• Provided data:
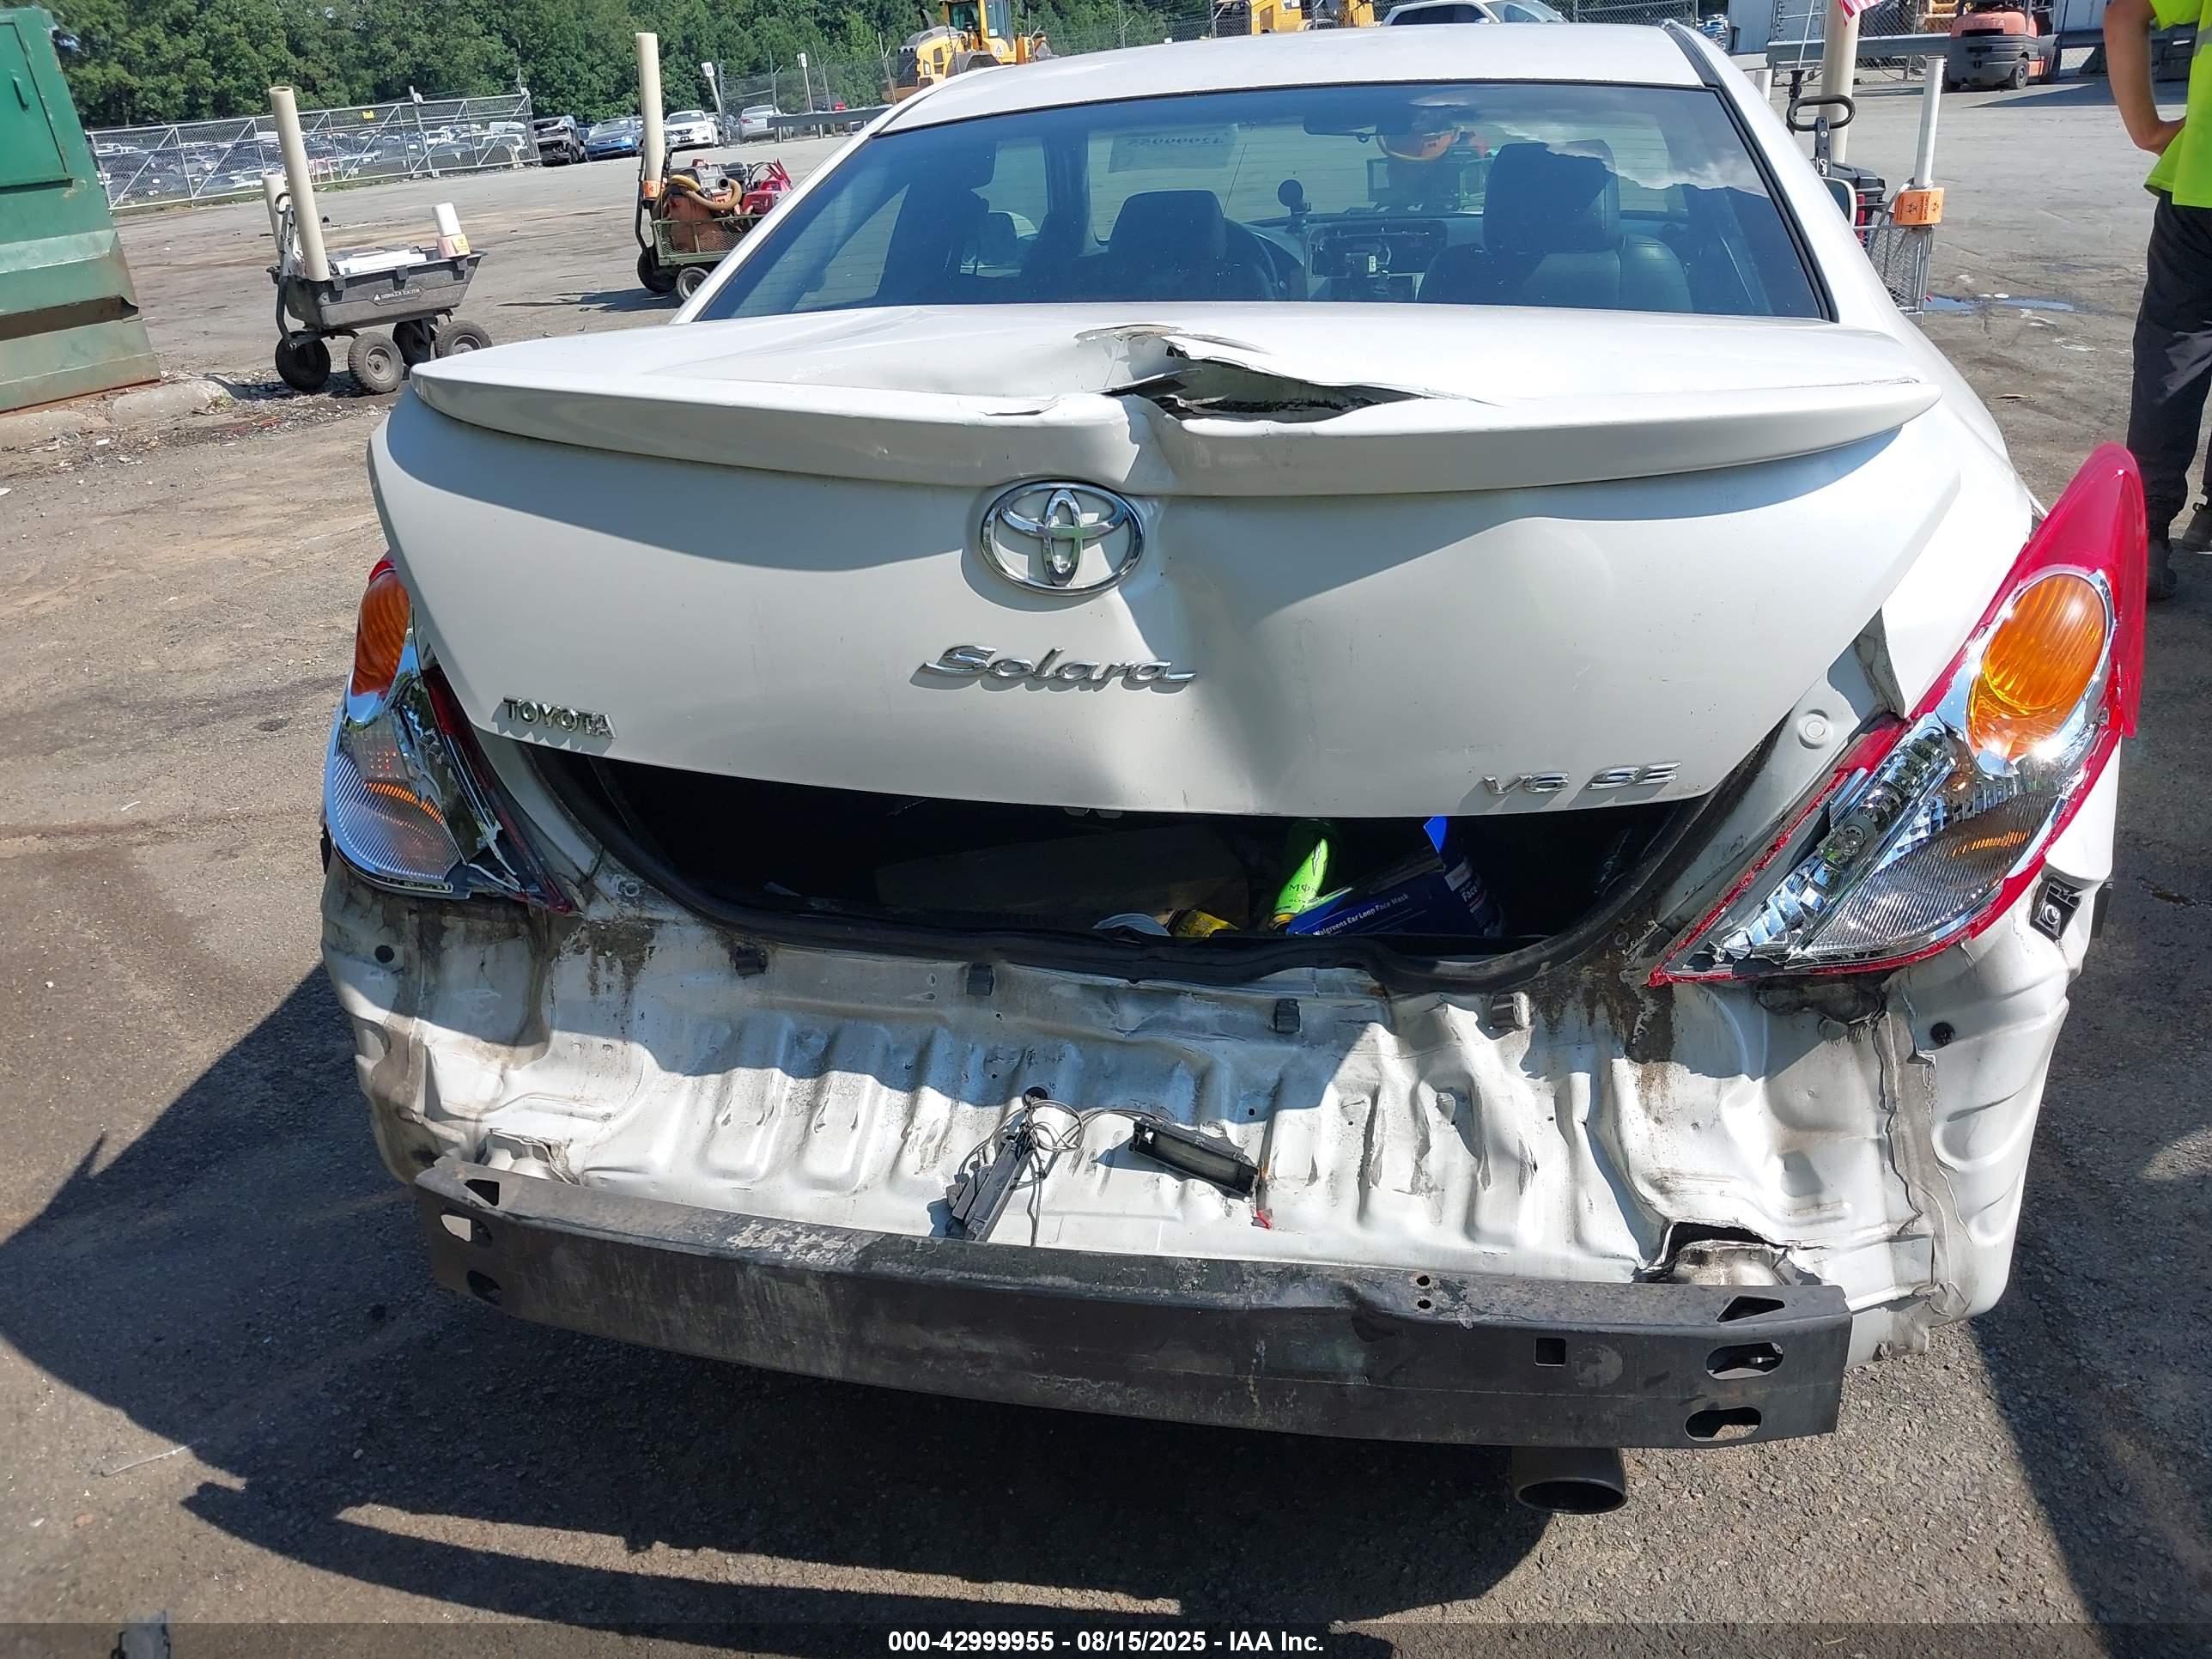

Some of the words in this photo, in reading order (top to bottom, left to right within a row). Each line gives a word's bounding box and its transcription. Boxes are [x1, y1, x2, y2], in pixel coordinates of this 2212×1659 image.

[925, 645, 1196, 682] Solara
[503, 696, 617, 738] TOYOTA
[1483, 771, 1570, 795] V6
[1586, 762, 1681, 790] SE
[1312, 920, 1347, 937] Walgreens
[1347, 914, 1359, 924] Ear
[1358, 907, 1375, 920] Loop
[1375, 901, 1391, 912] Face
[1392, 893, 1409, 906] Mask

• Required work: Now transcribe all the entries above exactly, so that no picture is carried over.

• Solution to this exercise:
Some of the words in this photo, in reading order (top to bottom, left to right within a row). Each line gives a word's bounding box and its transcription. Boxes are [x1, y1, x2, y2], in pixel coordinates of this 2212×1659 image.

[925, 645, 1196, 682] Solara
[503, 696, 617, 738] TOYOTA
[1483, 771, 1570, 795] V6
[1586, 762, 1681, 790] SE
[1312, 920, 1347, 937] Walgreens
[1347, 914, 1359, 924] Ear
[1358, 907, 1375, 920] Loop
[1375, 901, 1391, 912] Face
[1392, 893, 1409, 906] Mask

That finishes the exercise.